ID= 1, Date= Now+1, DiffToPrev= 3;

ID= 1, Date= Now+2, DiffToPrev= 7;

ID= 1, Date= Now+3, DiffToPrev= -6;

etc...

Can You help me create such a query ?

using System;
using System.Collections.Generic;
using System.Linq;
using System.Text;

namespace ConsoleApplication1
{
    public class MyObject
    {
        public int ID { get; set; }
        public DateTime Date { get; set; }
        public int Value { get; set; }
    }

    class Program
    {
        static void Main()
        {
               var list = new List<MyObject>
          {
            new MyObject {ID= 1,Date = DateTime.Now,Value = 5},
            new MyObject {ID= 1,Date = DateTime.Now.AddDays(1),Value = 8},
            new MyObject {ID= 1,Date = DateTime.Now.AddDays(2),Value = 15},
            new MyObject {ID= 1,Date = DateTime.Now.AddDays(3),Value = 9},
            new MyObject {ID= 1,Date = DateTime.Now.AddDays(4),Value = 12},
            new MyObject {ID= 1,Date = DateTime.Now.AddDays(5),Value = 25},
            new MyObject {ID= 2,Date = DateTime.Now,Value = 10},
            new MyObject {ID= 2,Date = DateTime.Now.AddDays(1),Value = 7},
            new MyObject {ID= 2,Date = DateTime.Now.AddDays(2),Value = 19},
            new MyObject {ID= 2,Date = DateTime.Now.AddDays(3),Value = 12},
            new MyObject {ID= 2,Date = DateTime.Now.AddDays(4),Value = 15},
            new MyObject {ID= 2,Date = DateTime.Now.AddDays(5),Value = 18}

        };

            Console.WriteLine(list);   

            Console.ReadLine();
        }
    }
}
Dues answered 10/9, 2010 at 8:14 Comment(0)
C
78

One option (for LINQ to Objects) would be to create your own LINQ operator:

// I don't like this name :(
public static IEnumerable<TResult> SelectWithPrevious<TSource, TResult>
    (this IEnumerable<TSource> source,
     Func<TSource, TSource, TResult> projection)
{
    using (var iterator = source.GetEnumerator())
    {
        if (!iterator.MoveNext())
        {
             yield break;
        }
        TSource previous = iterator.Current;
        while (iterator.MoveNext())
        {
            yield return projection(previous, iterator.Current);
            previous = iterator.Current;
        }
    }
}

This enables you to perform your projection using only a single pass of the source sequence, which is always a bonus (imagine running it over a large log file).

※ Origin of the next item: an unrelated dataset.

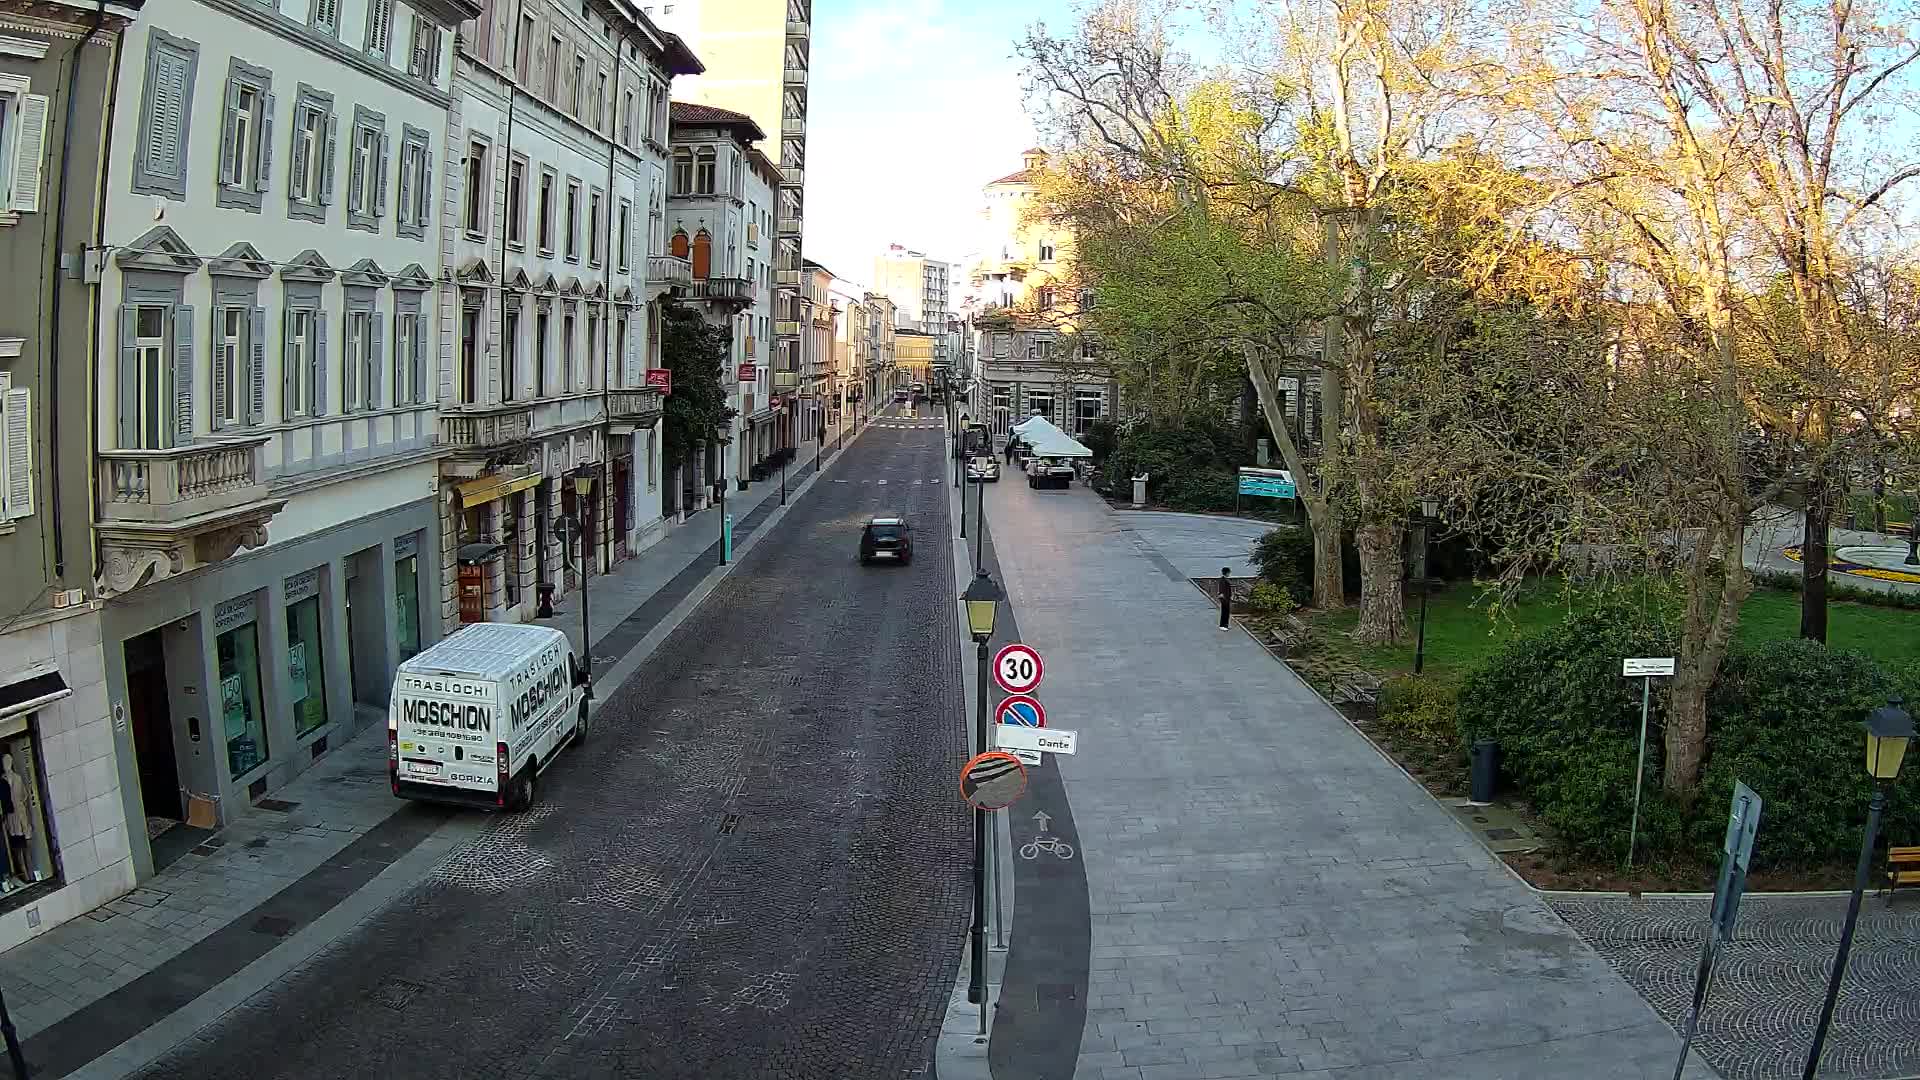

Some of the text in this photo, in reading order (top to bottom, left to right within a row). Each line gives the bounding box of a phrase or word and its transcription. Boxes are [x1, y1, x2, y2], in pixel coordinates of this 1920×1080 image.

Note that it will project a sequence of length n into a sequence of length n-1 - you may want to prepend a "dummy" first element, for example. (Or change the method to include one.)

Here's an example of how you'd use it:

var query = list.SelectWithPrevious((prev, cur) =>
     new { ID = cur.ID, Date = cur.Date, DateDiff = (cur.Date - prev.Date).Days) });

Note that this will include the final result of one ID with the first result of the next ID... you may wish to group your sequence by ID first.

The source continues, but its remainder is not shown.